At least some analytic philosophy of religion seems to lose sight of the aims and intended outcomes of writing and reading a text, however, and gets lost in the complexity and obscurity of arguments, sometimes translated into the symbols of symbolic logic which can be understood only by those with relevant training. The conclusions reached may seem trivial and/or uncertain; perhaps there is a form of the design argument which supports some kind of religious belief, for example, but even this would seem to fall far short of the level of significance and certainty on which someone might base their life and address the difficulties which they will inevitably encounter. Even the degree of precision afforded by the use of symbolic logic leads only to a conclusion which is dependent upon the nature of the values which are given to the symbols before the argument begins.

Those writing continental-style philosophy of religion often have a clearer focus on the practical relevance of their texts, but their relative lack of structure, clarity and precision, and sometimes the sheer length and complexity of their publications, make it hard for any but the most intellectually able and determined readers to identify the ‘message’ which they aim to convey. Sometimes, of course, part of the ‘message’ conveyed by the method is that the matters under discussion are complex and ambiguous and therefore difficult to communicate succinctly, but the reader’s task of discernment and evaluation remains challenging – perhaps too challenging for many who might otherwise have much to gain.

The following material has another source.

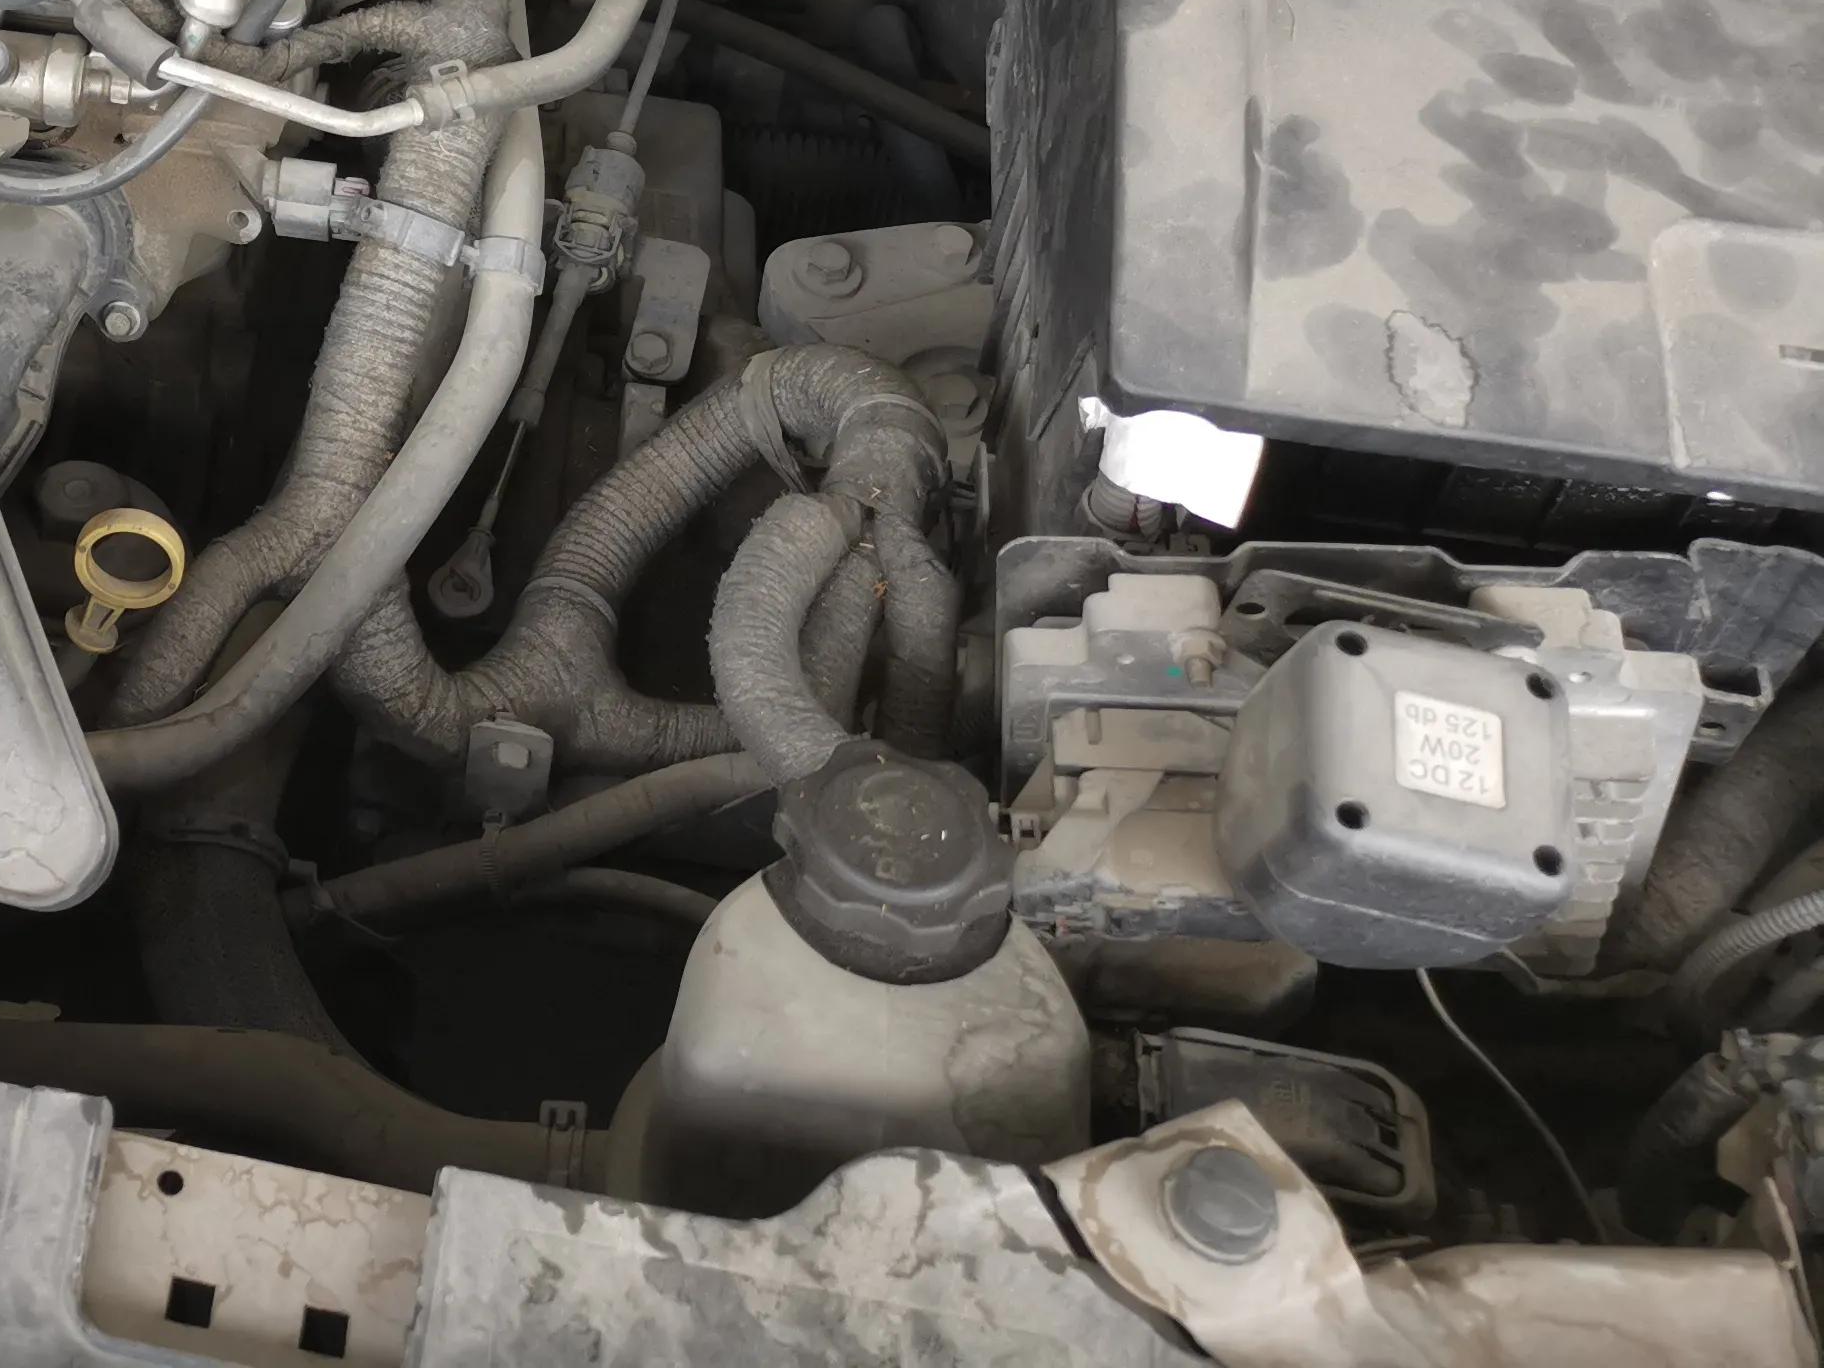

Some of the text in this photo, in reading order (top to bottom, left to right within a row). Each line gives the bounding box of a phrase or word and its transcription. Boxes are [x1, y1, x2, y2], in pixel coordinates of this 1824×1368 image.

Complexity and obscurity in philosophical writing might sometimes be difficult to avoid in the initial stages of exploring a new philosophical position, as we struggle towards new solutions to complex problems, perhaps trying to say what has never before been said. But structured, clear and precise arguments of the kind valued by analytic-style philosophy of religion can help us to rule out positions which are unlikely to be true, and to maintain or adopt as the basis for our lives beliefs which are more likely to be true.

Part of the way in which we identify positions which should be rejected and choose those on which to base our lives is likely to involve an appeal to their practical implications, however. These are the reasons for belief which we commonly find in continental-style philosophy of religion and are often derived from the findings of other related disciplines such as ethics, psychology, sociology, politics, literature and other forms of art.

Perhaps our best hope of achieving the aims and learning outcomes of philosophy of religion, then, lies in embracing a hybrid-style philosophy of religion such as that proposed by John Cottingham in Philosophy of Religion: Towards a Humane Philosophy of Religion (New York: Cambridge University Press, 2014), which preserves the positive aspects of analytic-style philosophy of religion but argues that our conclusions about religious belief should also be informed by ‘all the resources of human experience that are relevant to the shaping of a philosophically-rounded worldview’ (176).

In conclusion, then, if the primary aims of philosophy of religion are to enable us to consider the rationality of religious beliefs and their practical implications so that individuals and societies might be transformed for the better, excellent philosophy of religion needs to have the following features:

i. A discernible structure;

ii. Clarity, avoiding uncommon language and technical terms where possible;

iii. Precision;

iv. Brevity, avoiding any unnecessary repetition;

v. Supporting evidence from other relevant disciplines, where applicable.

Philosophy of religion texts which have these features are likely to be accessible not only to professors and some of their students, but also to a much broader human constituency, thereby substantially increasing the beneficial impact of their ideas upon the wellbeing of humankind and other sentient beings.